Most days I would pass by the car repair shop and see my friends, often we would walk down to the Corniche in the evening and drink coffee served from mobile vendors. Chatting about cars and football, I mentioned I had owned an MGB Roadster, I knew little of the different makes but Ibrahim was an encyclopaedia, he rattled off the variations and spec of each model and said that there’s MG in Beirut, and with that a red Roadster roared along outside lane of the Rue General De Gaul, “you see” he said matter-of-factly.

Back in Cyprus earlier than I planned, the state of my intestines was causing serious discomfort, I bumped into Robert who said he was surprised I got out at all, I was not sure I actually had.

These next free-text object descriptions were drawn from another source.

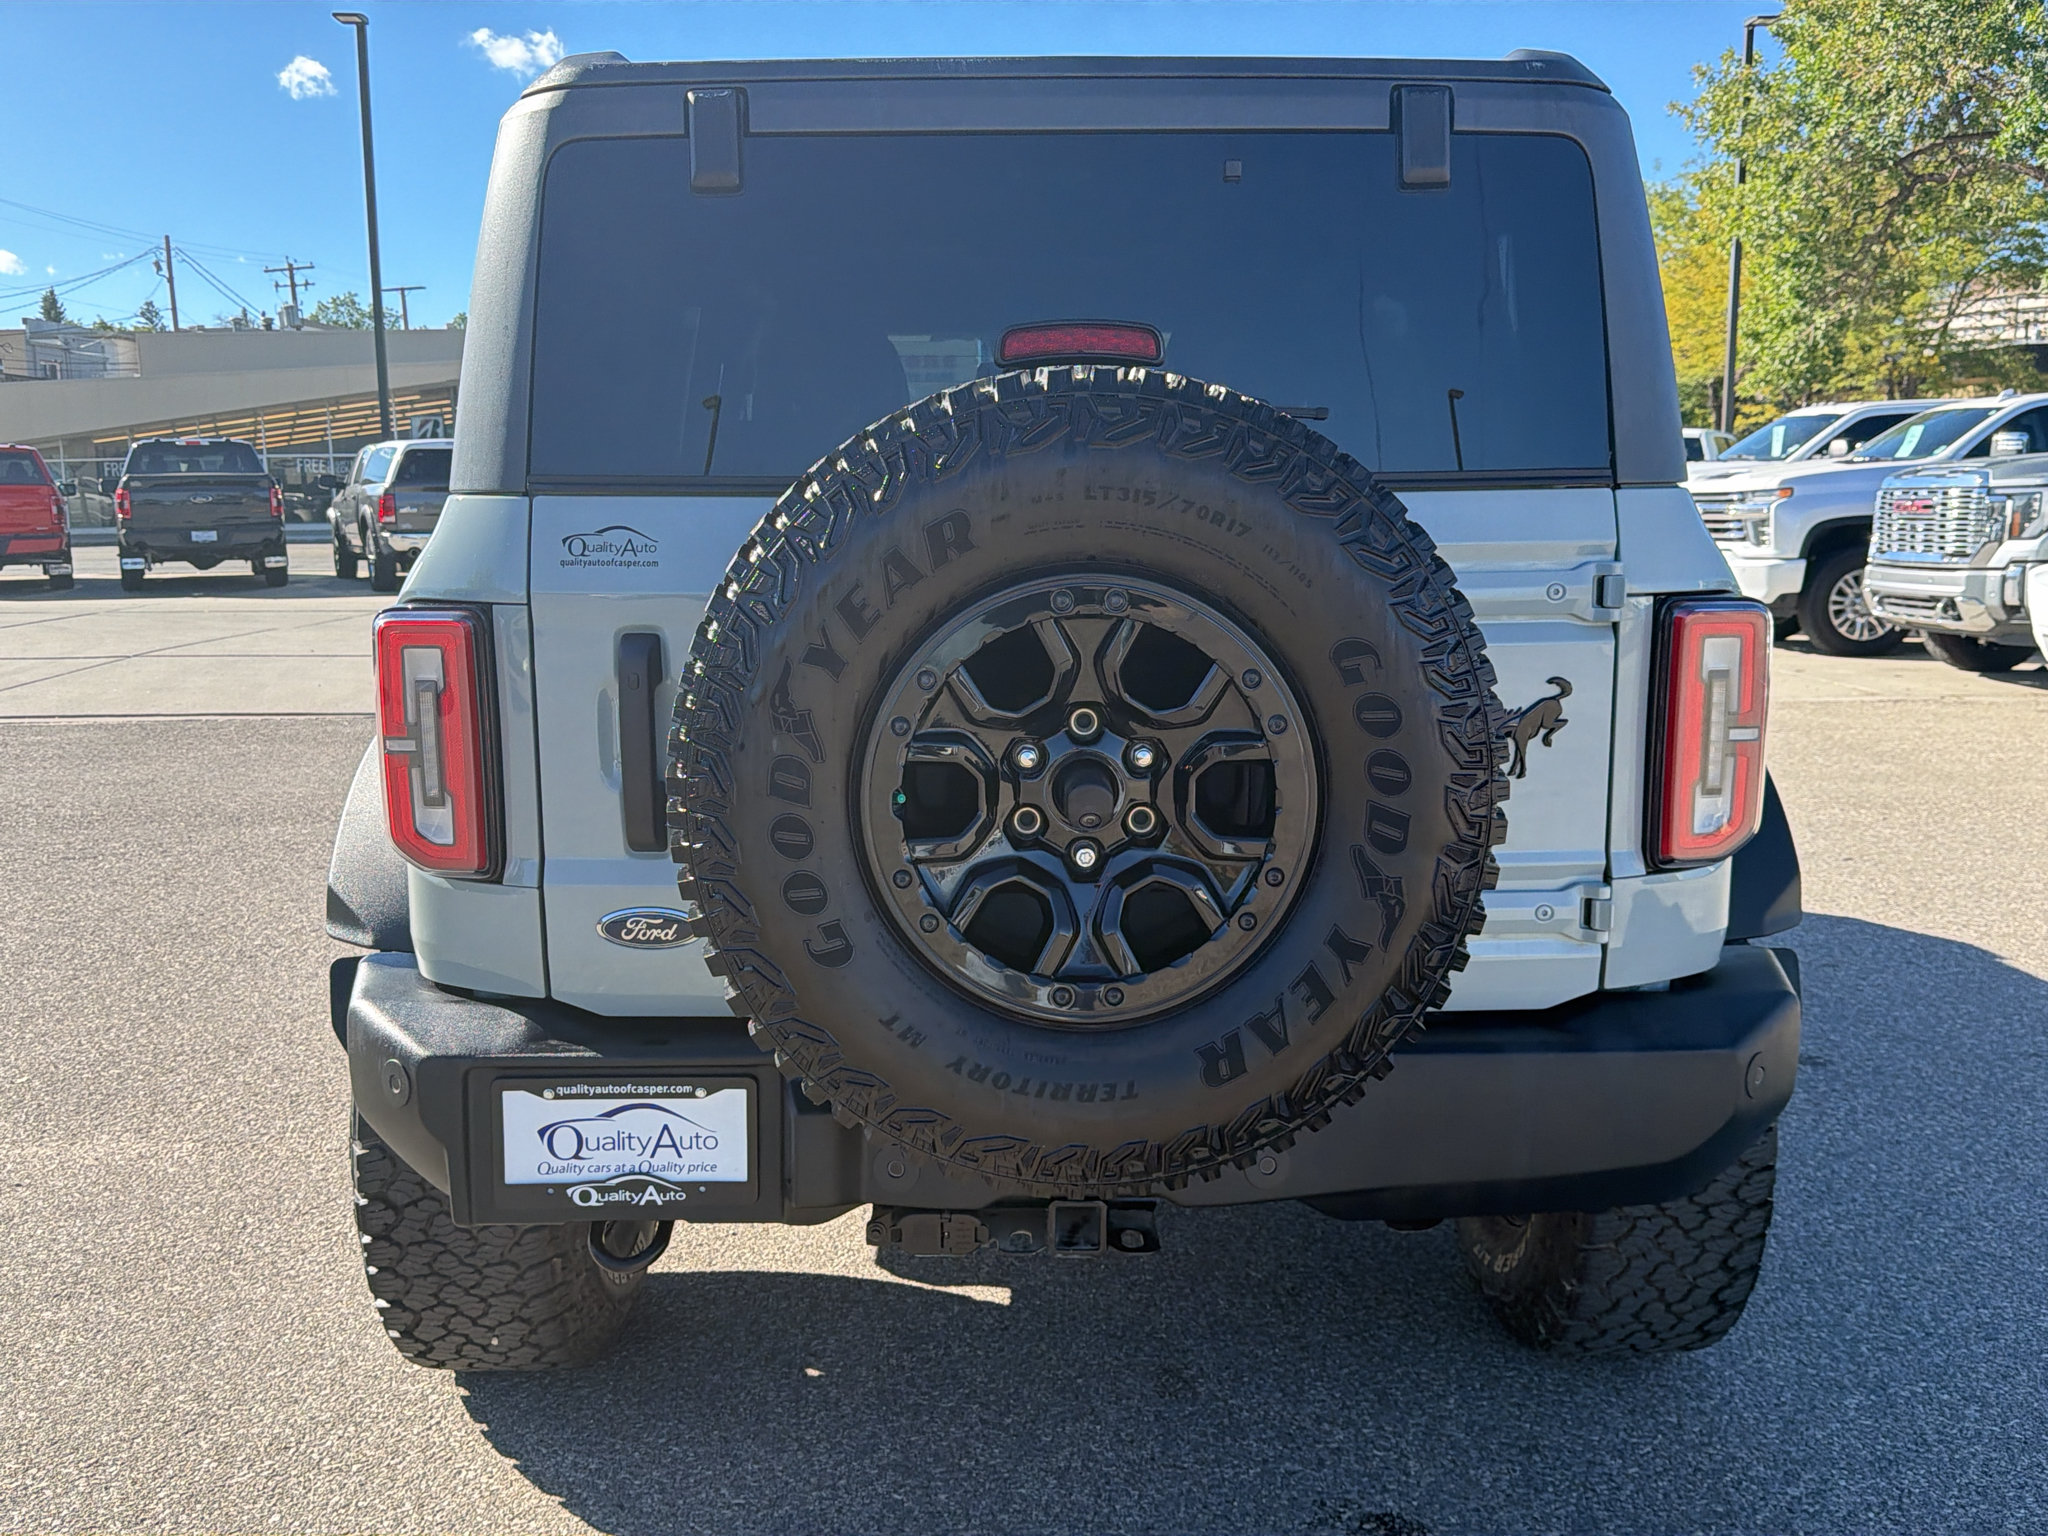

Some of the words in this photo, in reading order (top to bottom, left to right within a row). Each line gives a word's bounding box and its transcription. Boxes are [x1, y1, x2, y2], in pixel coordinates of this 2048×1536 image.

[296, 458, 327, 473] FREE
[560, 557, 659, 569] qualityautoofcasper.com
[621, 917, 678, 941] Ford
[878, 1012, 929, 1049] MT
[945, 1055, 1139, 1103] TERRITORY
[555, 1083, 693, 1097] qualityautoofcasper.com
[537, 1160, 585, 1176] Quality
[587, 1163, 611, 1174] cars
[614, 1163, 628, 1174] at
[629, 1165, 636, 1174] a
[638, 1159, 685, 1175] Quality
[687, 1161, 718, 1174] price

I spent the next few days sitting on a bench looking out to sea; the Lebanese coast is just a couple of hundred kilometres away, but how far in reality from the package holiday resorts is immeasurable. I tried to process everything I had experienced over the previous ten days, the complexity of the politics, the simplicity of the hospitality and the extraordinary expense of ordinance. 

For all of us there are definable moments in our lives when we turn the page of one chapter and begin another, this was one of those moments. Beirut changed me and my life would never be the same again.

…………………………………………..

Thank you for reading and sharing. This is the first of two parts, in the second part I explore Lebanon beyond Beirut.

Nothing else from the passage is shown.